───── TASK INPUT
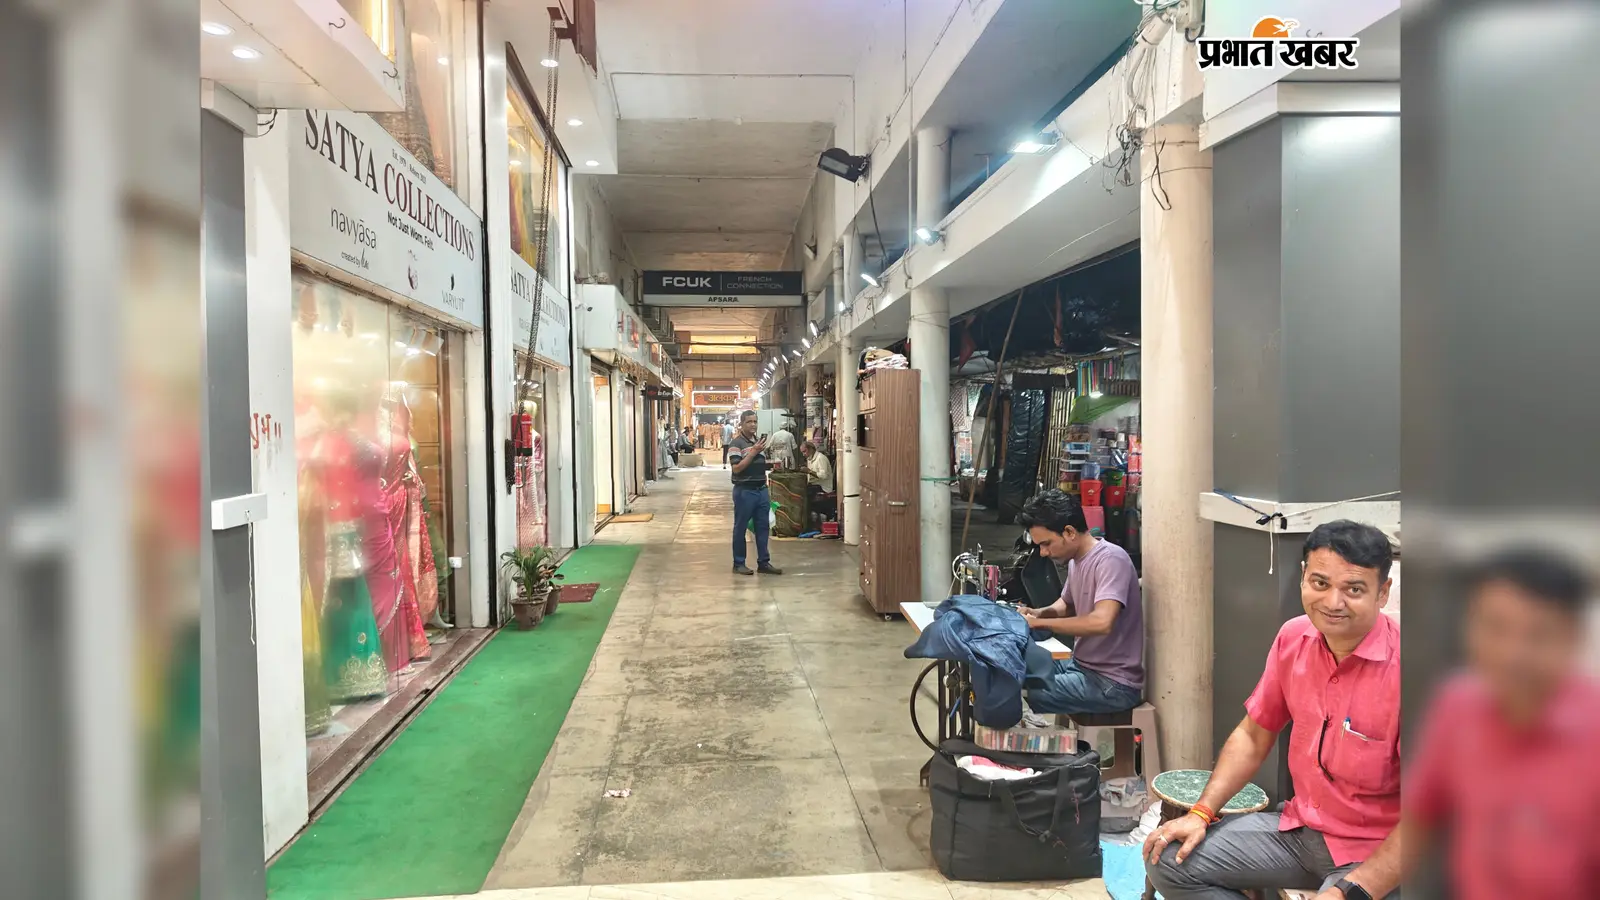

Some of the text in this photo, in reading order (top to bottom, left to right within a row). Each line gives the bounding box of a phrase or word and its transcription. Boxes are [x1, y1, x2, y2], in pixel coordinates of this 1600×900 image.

[305, 108, 475, 261] SATYA COLLECTIONS
[330, 207, 377, 249] navyāsa
[387, 211, 398, 228] Not
[398, 217, 410, 236] Just
[662, 276, 712, 288] FCUK
──────────
▸ WORK TASK:
Please return the lines above exactly, with the pictures omitted.

▸ WRITTEN SOLUTION:
Some of the text in this photo, in reading order (top to bottom, left to right within a row). Each line gives the bounding box of a phrase or word and its transcription. Boxes are [x1, y1, x2, y2], in pixel coordinates of this 1600×900 image.

[305, 108, 475, 261] SATYA COLLECTIONS
[330, 207, 377, 249] navyāsa
[387, 211, 398, 228] Not
[398, 217, 410, 236] Just
[662, 276, 712, 288] FCUK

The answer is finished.